Segment Start: MATERIALS PROVIDED
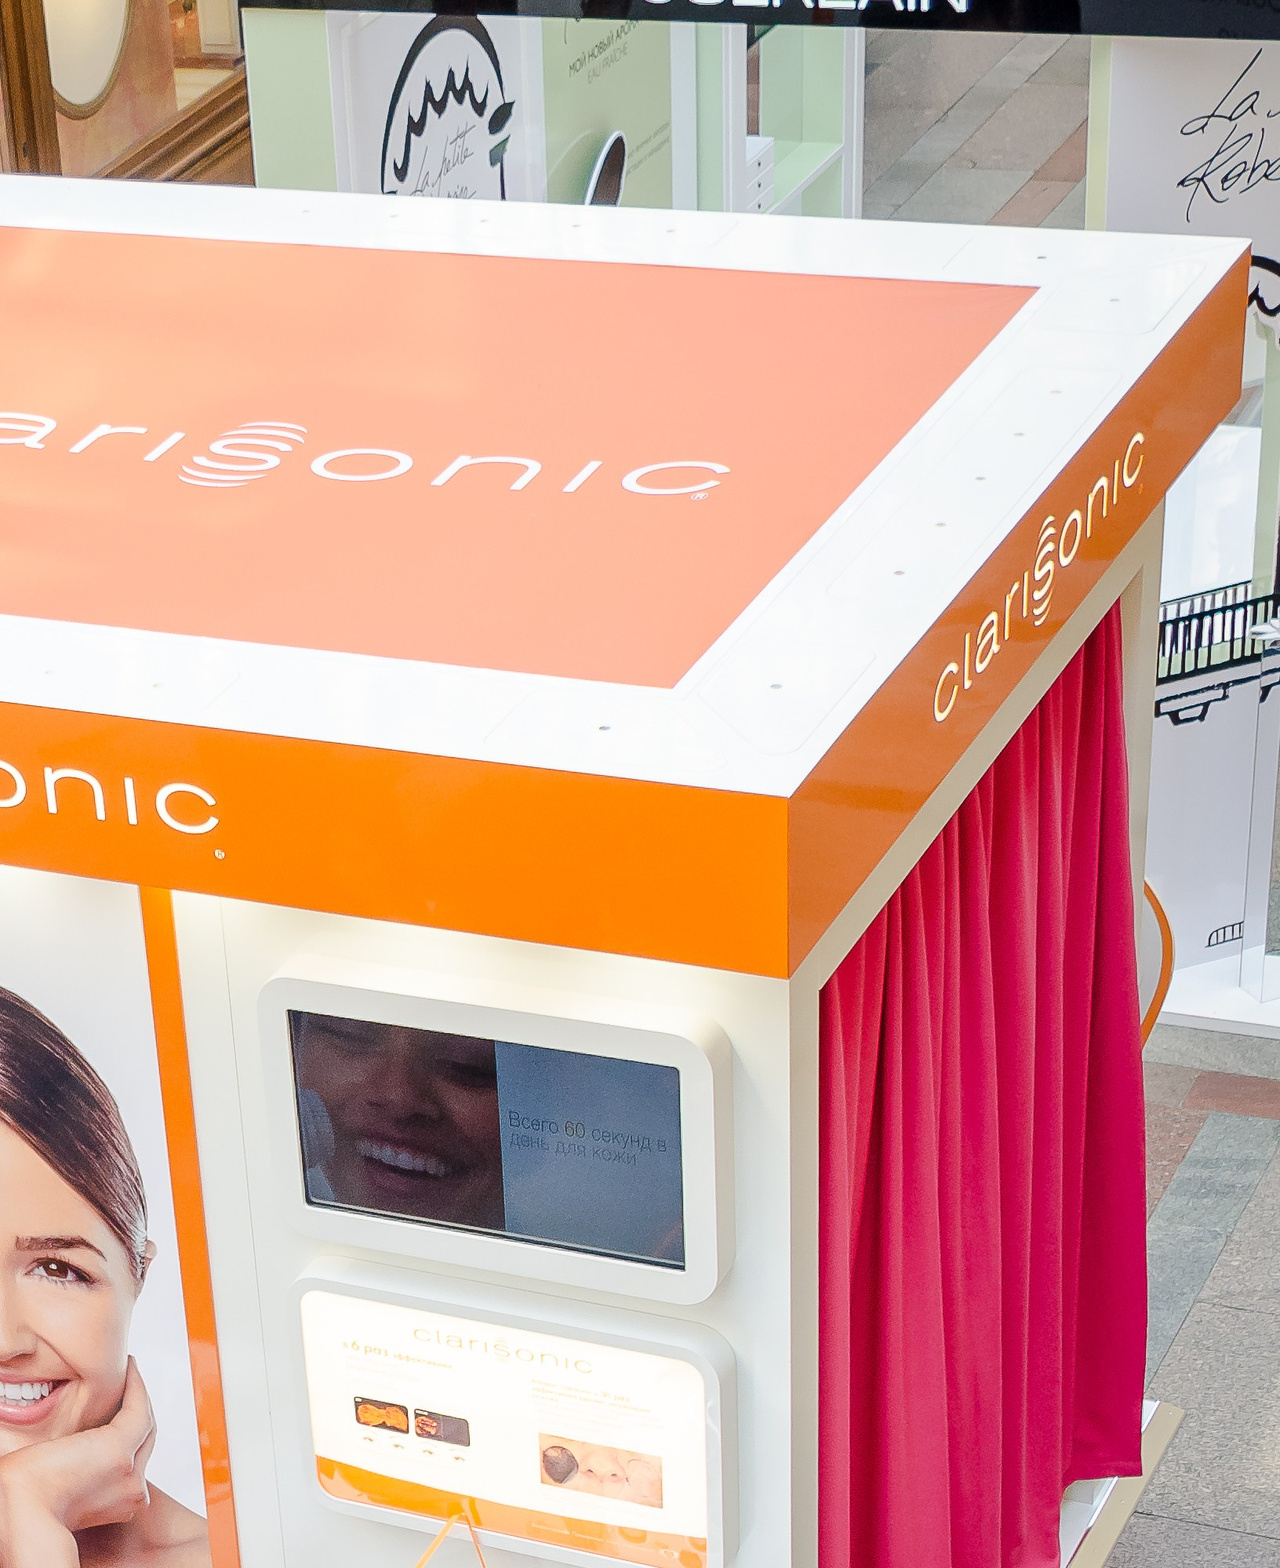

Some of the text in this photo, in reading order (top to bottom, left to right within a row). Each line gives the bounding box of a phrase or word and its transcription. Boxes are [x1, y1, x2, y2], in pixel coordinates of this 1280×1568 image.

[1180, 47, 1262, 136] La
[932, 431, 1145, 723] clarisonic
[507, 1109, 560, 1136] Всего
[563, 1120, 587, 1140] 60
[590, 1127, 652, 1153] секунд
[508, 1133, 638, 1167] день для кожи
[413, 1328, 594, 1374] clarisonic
Segment End: MATERIALS PROVIDED
■ **DIRECTIONS**
Repeat the records above exactly, leaving out any pictures they contain.

■ **SOLUTION FOR THIS PROBLEM**
Some of the text in this photo, in reading order (top to bottom, left to right within a row). Each line gives the bounding box of a phrase or word and its transcription. Boxes are [x1, y1, x2, y2], in pixel coordinates of this 1280×1568 image.

[1180, 47, 1262, 136] La
[932, 431, 1145, 723] clarisonic
[507, 1109, 560, 1136] Всего
[563, 1120, 587, 1140] 60
[590, 1127, 652, 1153] секунд
[508, 1133, 638, 1167] день для кожи
[413, 1328, 594, 1374] clarisonic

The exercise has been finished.